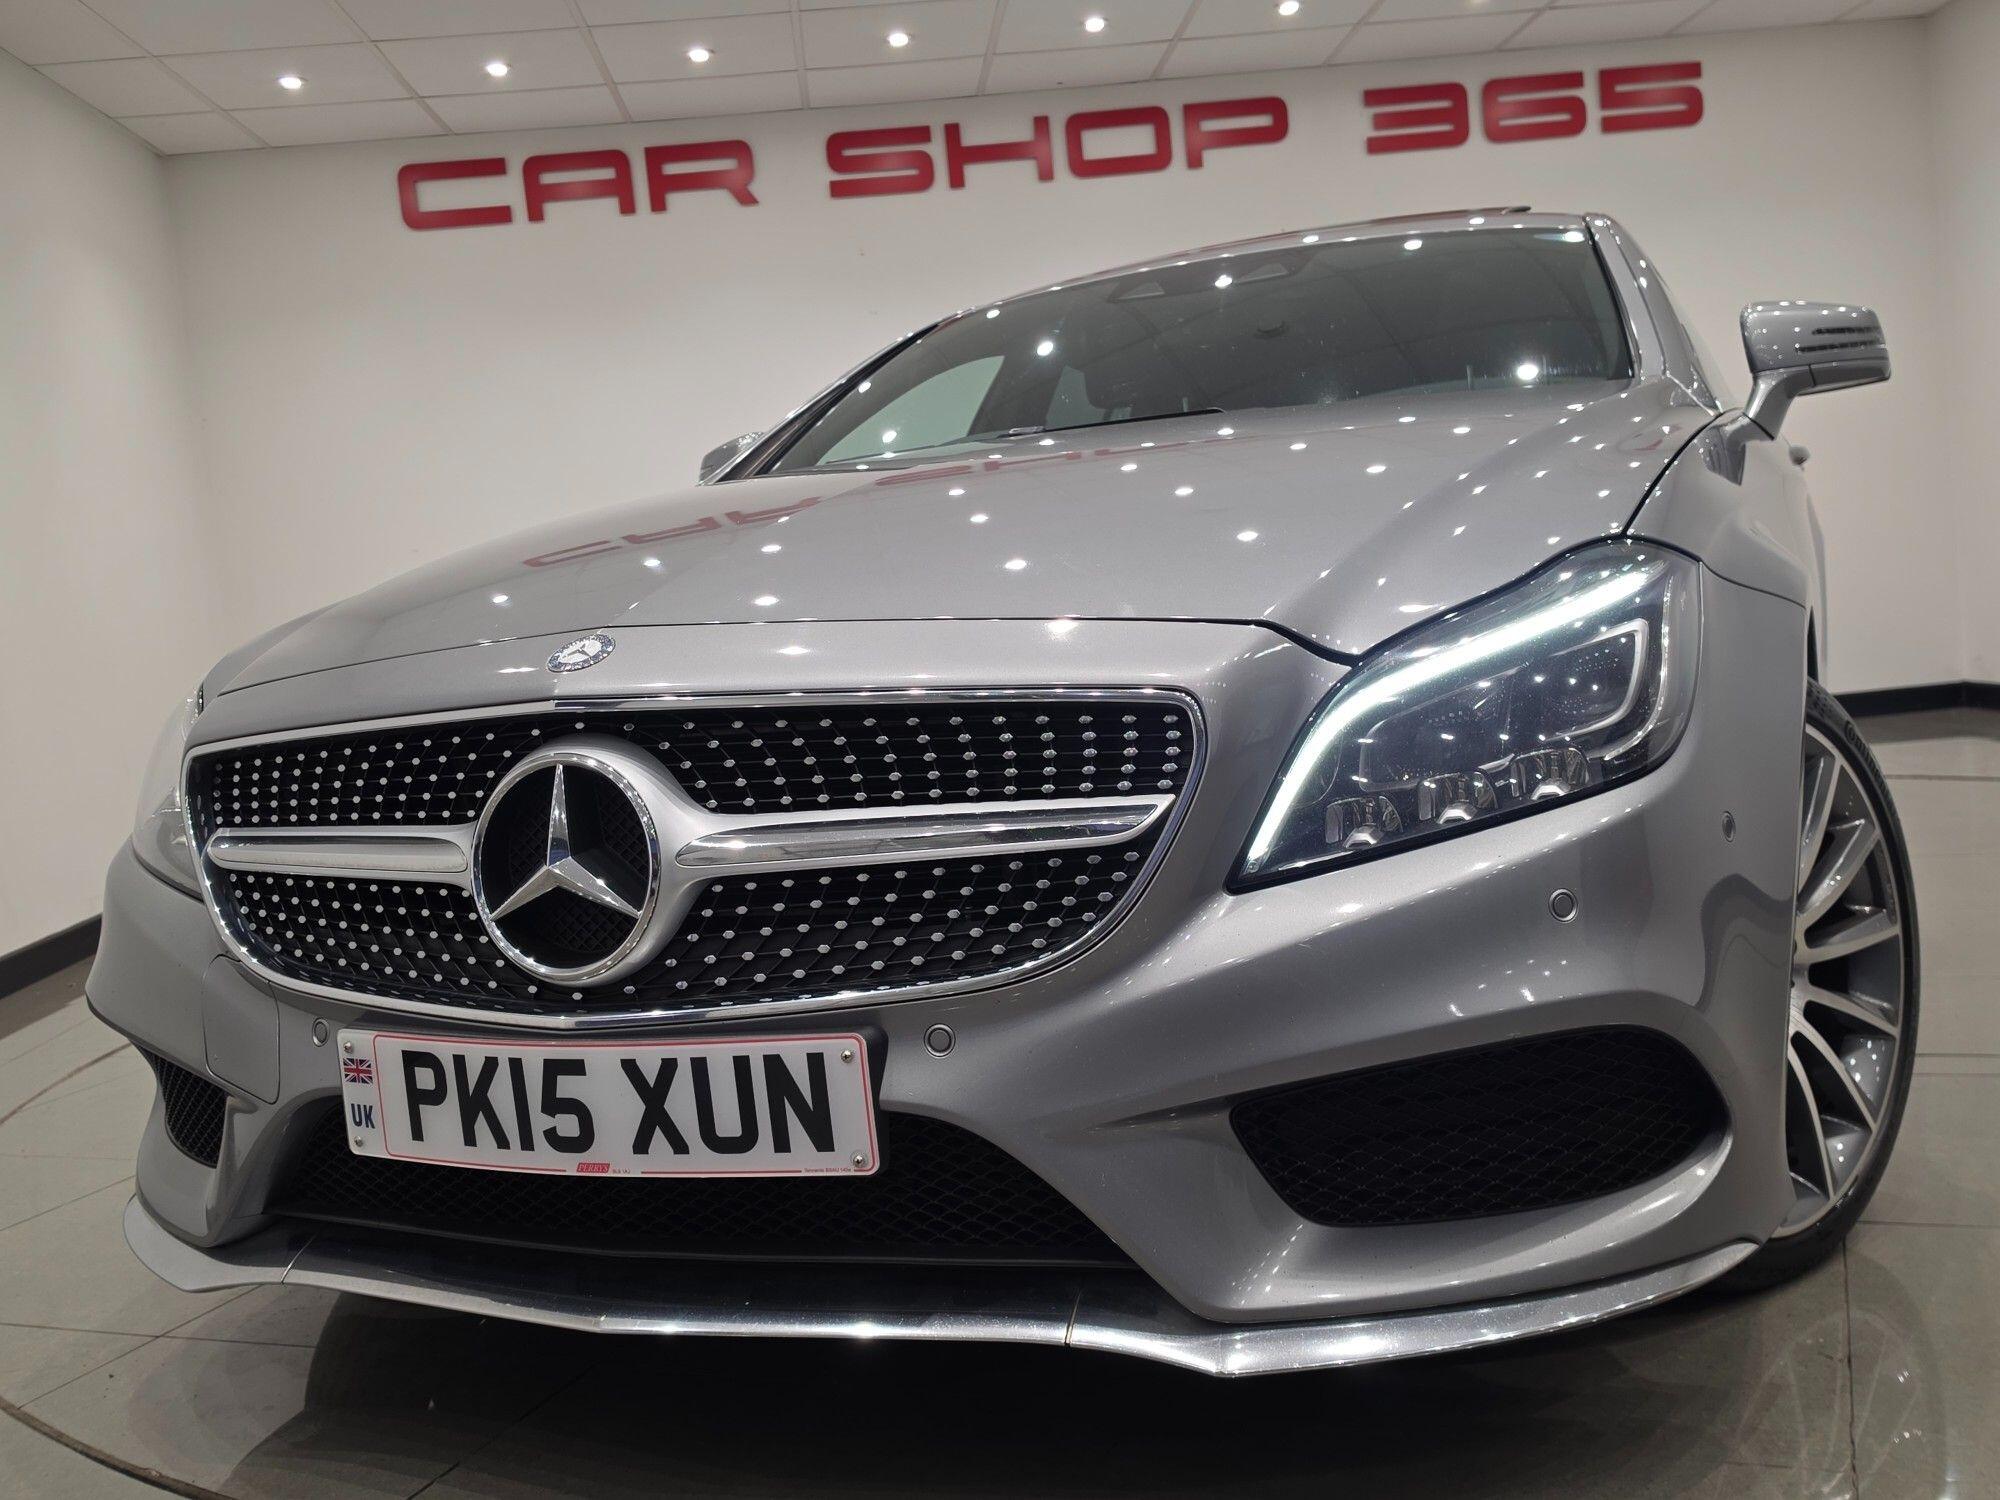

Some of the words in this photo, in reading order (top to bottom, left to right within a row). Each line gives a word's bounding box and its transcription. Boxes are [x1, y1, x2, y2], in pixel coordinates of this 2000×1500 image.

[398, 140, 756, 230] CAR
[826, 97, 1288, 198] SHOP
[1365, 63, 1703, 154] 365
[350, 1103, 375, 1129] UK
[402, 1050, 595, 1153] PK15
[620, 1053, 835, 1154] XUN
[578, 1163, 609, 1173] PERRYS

WHAT IS NEEDED:
All of the records above should be written out exactly, with the pictures left out.

EXERCISE ANSWER:
Some of the words in this photo, in reading order (top to bottom, left to right within a row). Each line gives a word's bounding box and its transcription. Boxes are [x1, y1, x2, y2], in pixel coordinates of this 2000×1500 image.

[398, 140, 756, 230] CAR
[826, 97, 1288, 198] SHOP
[1365, 63, 1703, 154] 365
[350, 1103, 375, 1129] UK
[402, 1050, 595, 1153] PK15
[620, 1053, 835, 1154] XUN
[578, 1163, 609, 1173] PERRYS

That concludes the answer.